All records below are to be repeated precisely, with nothing added.

Data entries
----------

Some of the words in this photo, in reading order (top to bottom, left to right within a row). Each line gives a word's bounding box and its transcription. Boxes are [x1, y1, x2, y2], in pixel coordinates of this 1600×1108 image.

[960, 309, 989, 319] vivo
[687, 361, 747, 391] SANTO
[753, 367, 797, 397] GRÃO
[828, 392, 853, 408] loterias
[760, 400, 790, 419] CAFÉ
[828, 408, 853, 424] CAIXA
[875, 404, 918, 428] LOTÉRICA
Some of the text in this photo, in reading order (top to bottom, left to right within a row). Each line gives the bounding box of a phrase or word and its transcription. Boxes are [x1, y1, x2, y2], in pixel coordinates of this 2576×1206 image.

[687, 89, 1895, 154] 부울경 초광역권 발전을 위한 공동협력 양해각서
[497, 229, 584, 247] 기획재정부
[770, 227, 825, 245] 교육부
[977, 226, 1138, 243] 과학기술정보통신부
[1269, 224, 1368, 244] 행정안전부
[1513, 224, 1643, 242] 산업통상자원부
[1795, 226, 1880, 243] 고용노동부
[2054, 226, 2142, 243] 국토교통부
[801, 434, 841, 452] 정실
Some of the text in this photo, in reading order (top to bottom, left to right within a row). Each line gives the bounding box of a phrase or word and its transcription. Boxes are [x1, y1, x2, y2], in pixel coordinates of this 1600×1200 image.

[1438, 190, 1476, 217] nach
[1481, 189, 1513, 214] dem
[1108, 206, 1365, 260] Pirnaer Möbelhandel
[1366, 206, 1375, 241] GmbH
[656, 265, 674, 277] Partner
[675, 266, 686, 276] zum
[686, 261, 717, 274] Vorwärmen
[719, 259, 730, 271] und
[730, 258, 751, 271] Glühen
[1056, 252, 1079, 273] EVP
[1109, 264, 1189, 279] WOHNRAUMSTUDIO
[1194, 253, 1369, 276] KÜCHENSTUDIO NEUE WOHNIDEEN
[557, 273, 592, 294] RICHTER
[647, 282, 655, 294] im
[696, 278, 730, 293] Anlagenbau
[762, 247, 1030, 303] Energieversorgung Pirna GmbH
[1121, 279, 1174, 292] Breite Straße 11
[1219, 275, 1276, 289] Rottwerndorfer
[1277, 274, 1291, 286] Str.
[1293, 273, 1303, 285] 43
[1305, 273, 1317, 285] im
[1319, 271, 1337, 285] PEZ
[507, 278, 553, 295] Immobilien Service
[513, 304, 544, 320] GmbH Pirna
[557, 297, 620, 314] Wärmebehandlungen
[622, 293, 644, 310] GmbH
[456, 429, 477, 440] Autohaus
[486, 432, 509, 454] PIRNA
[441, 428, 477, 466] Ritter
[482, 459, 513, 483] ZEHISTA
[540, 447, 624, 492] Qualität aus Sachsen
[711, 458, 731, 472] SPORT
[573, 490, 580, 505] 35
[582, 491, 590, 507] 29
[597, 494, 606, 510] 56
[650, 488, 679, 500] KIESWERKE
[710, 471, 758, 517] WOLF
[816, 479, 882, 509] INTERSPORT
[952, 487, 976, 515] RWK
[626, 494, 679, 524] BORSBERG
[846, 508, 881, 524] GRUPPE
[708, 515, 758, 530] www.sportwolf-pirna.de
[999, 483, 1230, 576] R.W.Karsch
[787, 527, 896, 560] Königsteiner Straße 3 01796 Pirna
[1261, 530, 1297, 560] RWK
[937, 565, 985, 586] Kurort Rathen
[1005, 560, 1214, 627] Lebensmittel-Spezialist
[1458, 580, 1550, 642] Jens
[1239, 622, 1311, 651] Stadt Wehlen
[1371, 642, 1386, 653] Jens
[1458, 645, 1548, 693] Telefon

----------

◆ Response
Some of the words in this photo, in reading order (top to bottom, left to right within a row). Each line gives a word's bounding box and its transcription. Boxes are [x1, y1, x2, y2], in pixel coordinates of this 1600×1108 image.

[960, 309, 989, 319] vivo
[687, 361, 747, 391] SANTO
[753, 367, 797, 397] GRÃO
[828, 392, 853, 408] loterias
[760, 400, 790, 419] CAFÉ
[828, 408, 853, 424] CAIXA
[875, 404, 918, 428] LOTÉRICA
Some of the text in this photo, in reading order (top to bottom, left to right within a row). Each line gives the bounding box of a phrase or word and its transcription. Boxes are [x1, y1, x2, y2], in pixel coordinates of this 2576×1206 image.

[687, 89, 1895, 154] 부울경 초광역권 발전을 위한 공동협력 양해각서
[497, 229, 584, 247] 기획재정부
[770, 227, 825, 245] 교육부
[977, 226, 1138, 243] 과학기술정보통신부
[1269, 224, 1368, 244] 행정안전부
[1513, 224, 1643, 242] 산업통상자원부
[1795, 226, 1880, 243] 고용노동부
[2054, 226, 2142, 243] 국토교통부
[801, 434, 841, 452] 정실
Some of the text in this photo, in reading order (top to bottom, left to right within a row). Each line gives the bounding box of a phrase or word and its transcription. Boxes are [x1, y1, x2, y2], in pixel coordinates of this 1600×1200 image.

[1438, 190, 1476, 217] nach
[1481, 189, 1513, 214] dem
[1108, 206, 1365, 260] Pirnaer Möbelhandel
[1366, 206, 1375, 241] GmbH
[656, 265, 674, 277] Partner
[675, 266, 686, 276] zum
[686, 261, 717, 274] Vorwärmen
[719, 259, 730, 271] und
[730, 258, 751, 271] Glühen
[1056, 252, 1079, 273] EVP
[1109, 264, 1189, 279] WOHNRAUMSTUDIO
[1194, 253, 1369, 276] KÜCHENSTUDIO NEUE WOHNIDEEN
[557, 273, 592, 294] RICHTER
[647, 282, 655, 294] im
[696, 278, 730, 293] Anlagenbau
[762, 247, 1030, 303] Energieversorgung Pirna GmbH
[1121, 279, 1174, 292] Breite Straße 11
[1219, 275, 1276, 289] Rottwerndorfer
[1277, 274, 1291, 286] Str.
[1293, 273, 1303, 285] 43
[1305, 273, 1317, 285] im
[1319, 271, 1337, 285] PEZ
[507, 278, 553, 295] Immobilien Service
[513, 304, 544, 320] GmbH Pirna
[557, 297, 620, 314] Wärmebehandlungen
[622, 293, 644, 310] GmbH
[456, 429, 477, 440] Autohaus
[486, 432, 509, 454] PIRNA
[441, 428, 477, 466] Ritter
[482, 459, 513, 483] ZEHISTA
[540, 447, 624, 492] Qualität aus Sachsen
[711, 458, 731, 472] SPORT
[573, 490, 580, 505] 35
[582, 491, 590, 507] 29
[597, 494, 606, 510] 56
[650, 488, 679, 500] KIESWERKE
[710, 471, 758, 517] WOLF
[816, 479, 882, 509] INTERSPORT
[952, 487, 976, 515] RWK
[626, 494, 679, 524] BORSBERG
[846, 508, 881, 524] GRUPPE
[708, 515, 758, 530] www.sportwolf-pirna.de
[999, 483, 1230, 576] R.W.Karsch
[787, 527, 896, 560] Königsteiner Straße 3 01796 Pirna
[1261, 530, 1297, 560] RWK
[937, 565, 985, 586] Kurort Rathen
[1005, 560, 1214, 627] Lebensmittel-Spezialist
[1458, 580, 1550, 642] Jens
[1239, 622, 1311, 651] Stadt Wehlen
[1371, 642, 1386, 653] Jens
[1458, 645, 1548, 693] Telefon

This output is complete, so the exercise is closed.